In the final week of May, during a congressional recess while most Americans were focused on Memorial Day, the start of summer, and graduation season, Secretary of State Marco Rubio quietly notified Congress of incoming changes to the Department of State. The congressional notification outlined Secretary Rubio’s earlier announced intention to “restructure or eliminate certain bureaus and offices that no longer advance such Department and Administration priorities.”

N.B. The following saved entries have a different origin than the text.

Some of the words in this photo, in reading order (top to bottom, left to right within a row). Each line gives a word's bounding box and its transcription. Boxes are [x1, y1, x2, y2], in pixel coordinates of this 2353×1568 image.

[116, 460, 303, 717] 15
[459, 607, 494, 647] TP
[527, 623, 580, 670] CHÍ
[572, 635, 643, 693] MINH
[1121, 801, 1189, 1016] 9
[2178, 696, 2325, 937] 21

This reorganization of the Department of State will radically alter the functions, tools, and priorities of U.S. diplomacy. The plan will eliminate many of the offices in its “J family,” which leads the Department’s work supporting human rights, democratic institutions, peacebuilding, refugees, and religious freedom. The plan eliminates the position of Under Secretary for Civilian Security, Human Rights and Democracy, abolishes the Bureau of Conflict Stabilization Operations and cuts 80% of the Bureau of Democracy, Human Rights and Labor’s staff.

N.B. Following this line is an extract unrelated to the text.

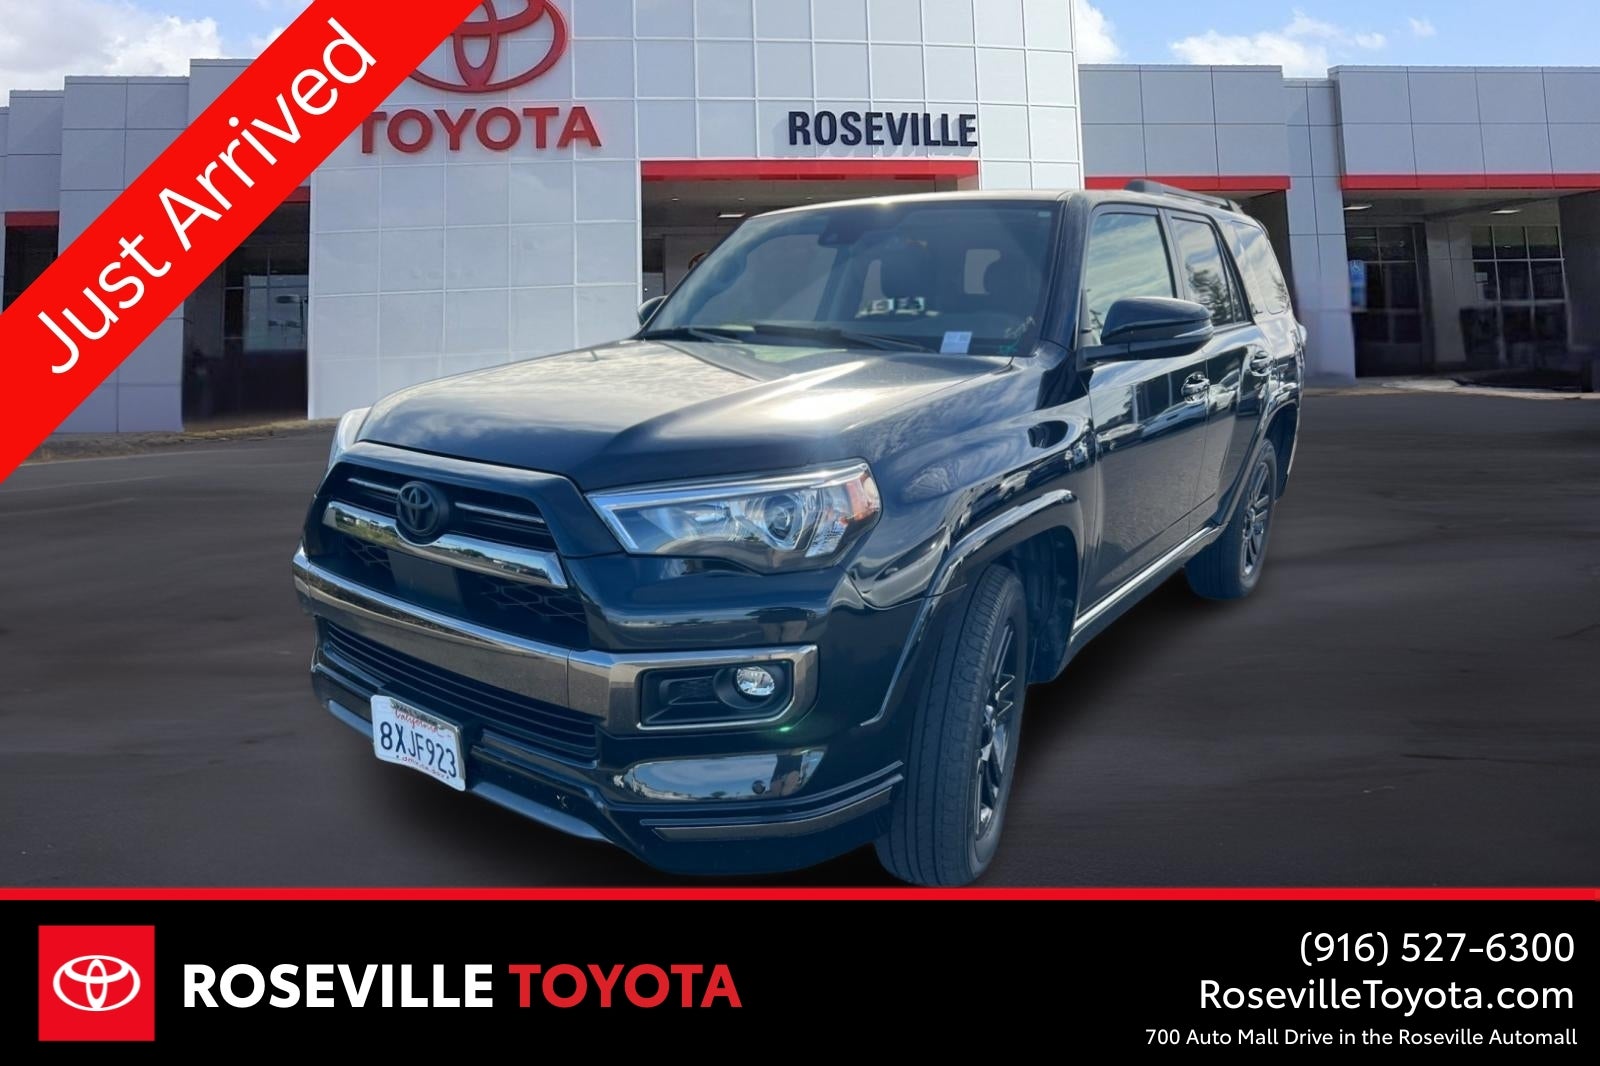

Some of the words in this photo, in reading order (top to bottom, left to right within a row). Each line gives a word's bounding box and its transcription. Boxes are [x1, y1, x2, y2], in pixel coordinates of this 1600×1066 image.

[361, 106, 602, 154] TOYOTA
[788, 111, 978, 147] ROSEVILLE
[380, 721, 457, 778] 8XJF923

The work of the “J family” is critical to ensure that the U.S. can respond with tools other than the military to prevent and resolve violent conflict and to promote and protect basic human rights for people around the world.
FCNL knows the value of “diplomacy, responsible development, the rule of law, and international cooperation are the most effective and principled means of global conflict prevention and resolution.” The work of the “J family” is critical to ensure that the U.S. can respond with tools other than the military to prevent and resolve violent conflict and to promote and protect basic human rights for people around the world. While the “J family” has not always met their ideals, their role and functions has been critical to continuing to make progress toward the world we seek.
The statement to Congress claimed the “J family” offices are “prone to ideological capture and radicalism,” and outlined new positions to replace them. These new offices reflect the Trump administration’s efforts to radically redefine American values. They are seeking to embed racist ideas in the State Department’s org chart, including a focus on so-called “civilizational allies” with “a shared Western civilizational heritage.” They include a deputy assistant secretary of state for “Democracy and Western Values” and an office of “natural rights” which will “ground the department’s values-based diplomacy in traditional Western conceptions of core freedoms.”
The reorganization also merges two key offices relevant to nuclear weapons and arms control—the Bureau of International Security and Nonproliferation (ISN) and the Bureau of Arms Control, Deterrence, and Stability (ADS)—into a single bureau with fewer leadership positions. This change is bad for arms control. It risks diluting focus and expertise in two highly complex areas: preventing the spread of nuclear and other dangerous weapons and maintaining global arms agreements. Fewer senior officials overseeing a broader portfolio could weaken efforts to curb proliferation at a time when dedicated U.S leadership and expertise is critically needed.
The Bureau of Population, Refugees, and Migration (PRM), which largely serves refugees and displaced individuals, would assume some of the humanitarian and disaster assistance work previously conducted by the now-disbanded U.S. Agency for International Development (USAID). Notably, a new Office of Remigration will undertake repatriation work under PRM. The term “remigration” stems from global racist, xenophobic, and ethnonationalist politics. While safe, voluntary returns have existed under PRM for previously vulnerable groups, it is unclear how the Office of Remigration’s functions will integrate the State Department into the administration’s self-deportation plans.
Many advocates worry about more non-refoulement violations. Non-refoulement is a universal principle not to return people to where they are at risk of torture, persecution, or extreme oppression. Other changes under PRM, including to refugee admissions, mark another example of the Trump administration devaluing lives.
Peace is mentioned less than 5 times over the 136-page document, and only in relation to bureaus being eliminated.
The Trump administration’s statement to Congress claims this dramatic reduction in size and reorganization of the Department of State is needed to “refocus on core U.S. foreign policy objectives and the needs of contemporary diplomacy.” However, throughout the plan, work on human rights, arms control, and conflict prevention are abolished. Peace is mentioned less than 5 times over the 136-page document, and only in relation to bureaus being eliminated. With 56 current conflicts around the globe, the most since World War II, multiple genocides and mass atrocities taking place, and unprecedented displacement, surely contemporary diplomacy calls for more work towards peace, human rights, arms control and conflict prevention – not its abolition.